ACTIVITY –
A verbatim transcript of the data that follows, free of images, is the expected result.

BEGIN DATA LISTING

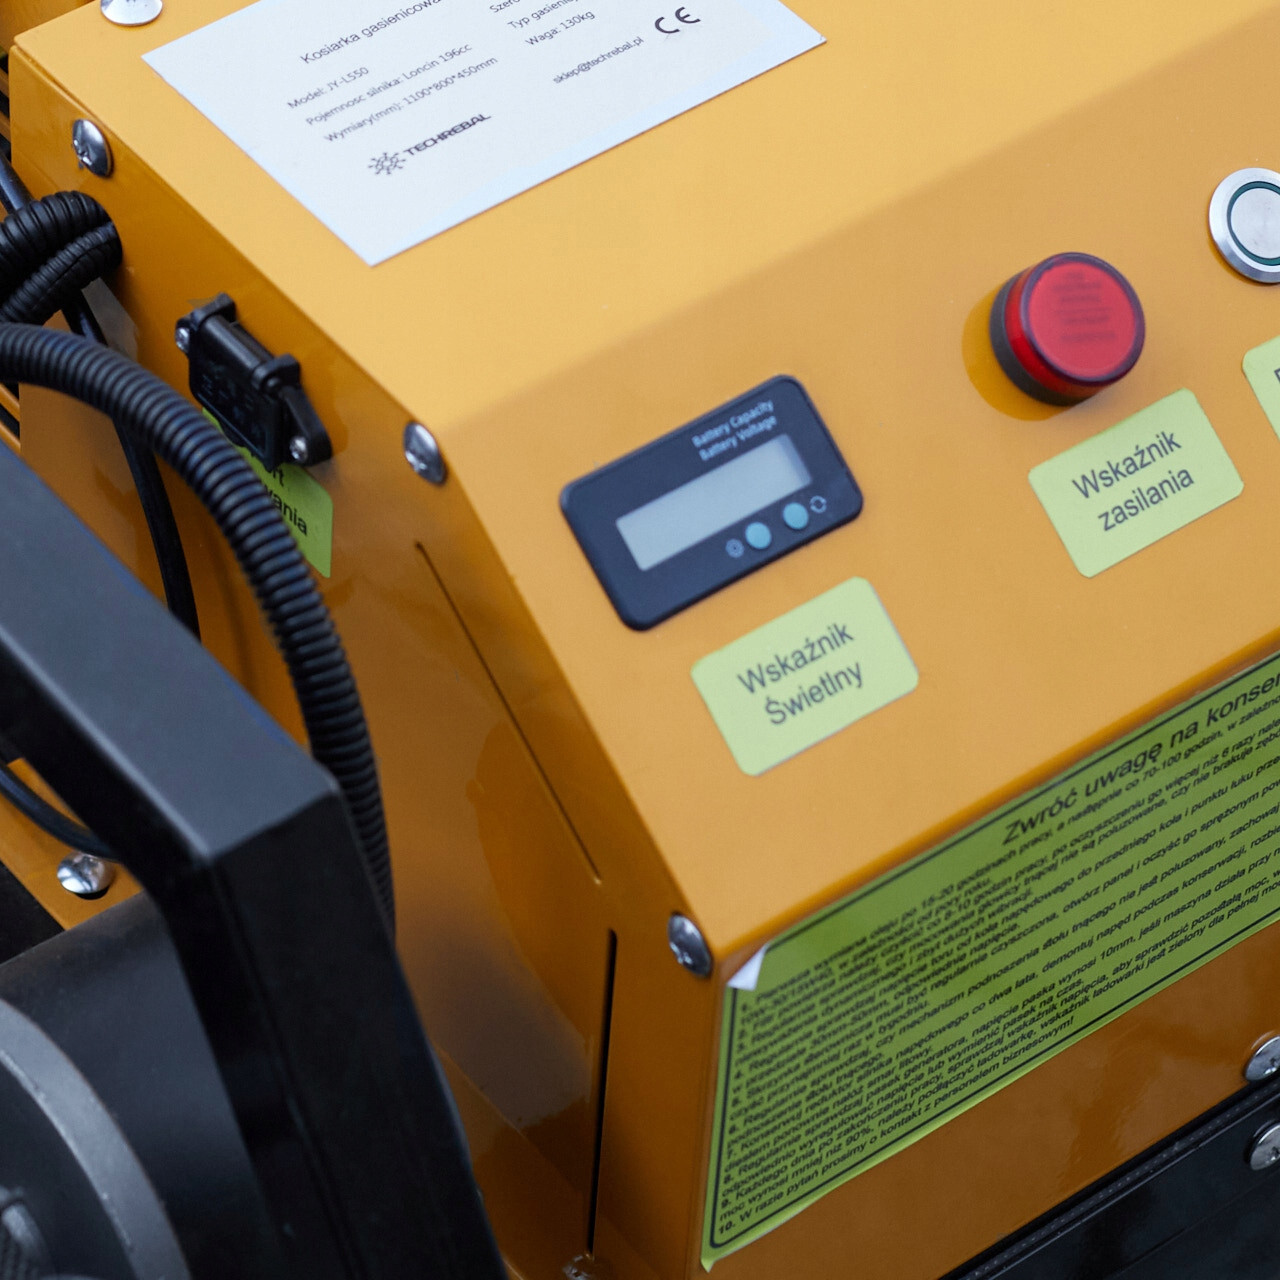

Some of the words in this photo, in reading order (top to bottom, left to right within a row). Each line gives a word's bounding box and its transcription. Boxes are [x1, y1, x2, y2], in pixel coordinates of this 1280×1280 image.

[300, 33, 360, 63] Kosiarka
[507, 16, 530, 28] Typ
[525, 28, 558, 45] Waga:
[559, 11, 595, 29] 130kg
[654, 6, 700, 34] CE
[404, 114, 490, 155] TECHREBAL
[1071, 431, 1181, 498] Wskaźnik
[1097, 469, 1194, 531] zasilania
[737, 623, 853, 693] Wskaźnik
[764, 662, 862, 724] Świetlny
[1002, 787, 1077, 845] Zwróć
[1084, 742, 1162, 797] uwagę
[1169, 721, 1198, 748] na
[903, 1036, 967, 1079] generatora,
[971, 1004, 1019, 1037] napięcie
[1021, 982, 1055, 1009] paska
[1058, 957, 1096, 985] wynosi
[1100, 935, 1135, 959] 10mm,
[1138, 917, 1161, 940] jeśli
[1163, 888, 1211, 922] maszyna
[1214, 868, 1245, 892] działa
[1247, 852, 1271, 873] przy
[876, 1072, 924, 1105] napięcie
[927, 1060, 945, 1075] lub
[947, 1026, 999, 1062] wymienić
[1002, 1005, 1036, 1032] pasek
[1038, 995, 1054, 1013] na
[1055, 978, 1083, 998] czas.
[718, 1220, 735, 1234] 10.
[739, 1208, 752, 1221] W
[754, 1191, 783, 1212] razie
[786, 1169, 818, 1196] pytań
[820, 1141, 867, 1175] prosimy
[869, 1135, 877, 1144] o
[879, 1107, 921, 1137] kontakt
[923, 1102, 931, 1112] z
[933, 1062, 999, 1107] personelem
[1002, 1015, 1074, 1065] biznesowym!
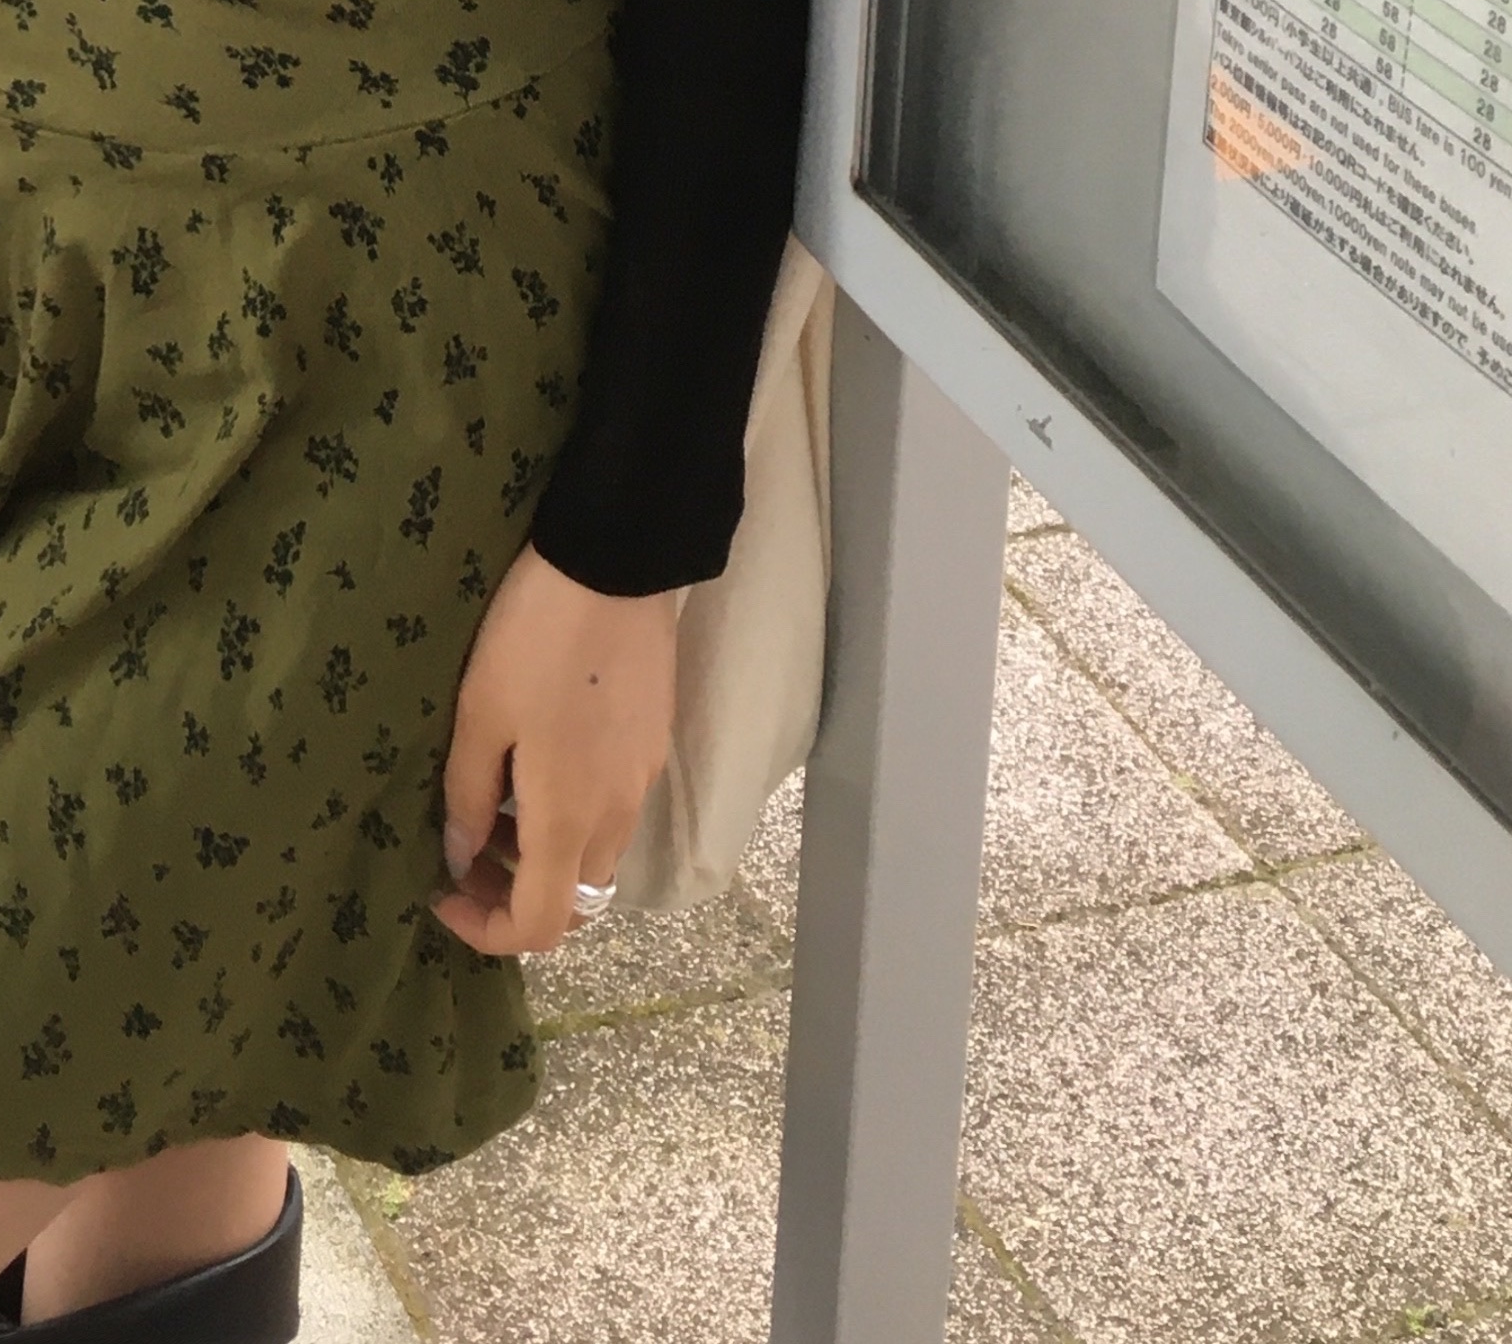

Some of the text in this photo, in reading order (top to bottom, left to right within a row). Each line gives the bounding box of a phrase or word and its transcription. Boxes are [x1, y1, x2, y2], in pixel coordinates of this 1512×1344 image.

END DATA LISTING

TASK RESULT –
Some of the words in this photo, in reading order (top to bottom, left to right within a row). Each line gives a word's bounding box and its transcription. Boxes are [x1, y1, x2, y2], in pixel coordinates of this 1280×1280 image.

[300, 33, 360, 63] Kosiarka
[507, 16, 530, 28] Typ
[525, 28, 558, 45] Waga:
[559, 11, 595, 29] 130kg
[654, 6, 700, 34] CE
[404, 114, 490, 155] TECHREBAL
[1071, 431, 1181, 498] Wskaźnik
[1097, 469, 1194, 531] zasilania
[737, 623, 853, 693] Wskaźnik
[764, 662, 862, 724] Świetlny
[1002, 787, 1077, 845] Zwróć
[1084, 742, 1162, 797] uwagę
[1169, 721, 1198, 748] na
[903, 1036, 967, 1079] generatora,
[971, 1004, 1019, 1037] napięcie
[1021, 982, 1055, 1009] paska
[1058, 957, 1096, 985] wynosi
[1100, 935, 1135, 959] 10mm,
[1138, 917, 1161, 940] jeśli
[1163, 888, 1211, 922] maszyna
[1214, 868, 1245, 892] działa
[1247, 852, 1271, 873] przy
[876, 1072, 924, 1105] napięcie
[927, 1060, 945, 1075] lub
[947, 1026, 999, 1062] wymienić
[1002, 1005, 1036, 1032] pasek
[1038, 995, 1054, 1013] na
[1055, 978, 1083, 998] czas.
[718, 1220, 735, 1234] 10.
[739, 1208, 752, 1221] W
[754, 1191, 783, 1212] razie
[786, 1169, 818, 1196] pytań
[820, 1141, 867, 1175] prosimy
[869, 1135, 877, 1144] o
[879, 1107, 921, 1137] kontakt
[923, 1102, 931, 1112] z
[933, 1062, 999, 1107] personelem
[1002, 1015, 1074, 1065] biznesowym!

Some of the text in this photo, in reading order (top to bottom, left to right within a row). Each line gives the bounding box of a phrase or word and its transcription. Boxes are [x1, y1, x2, y2], in pixel coordinates of this 1512×1344 image.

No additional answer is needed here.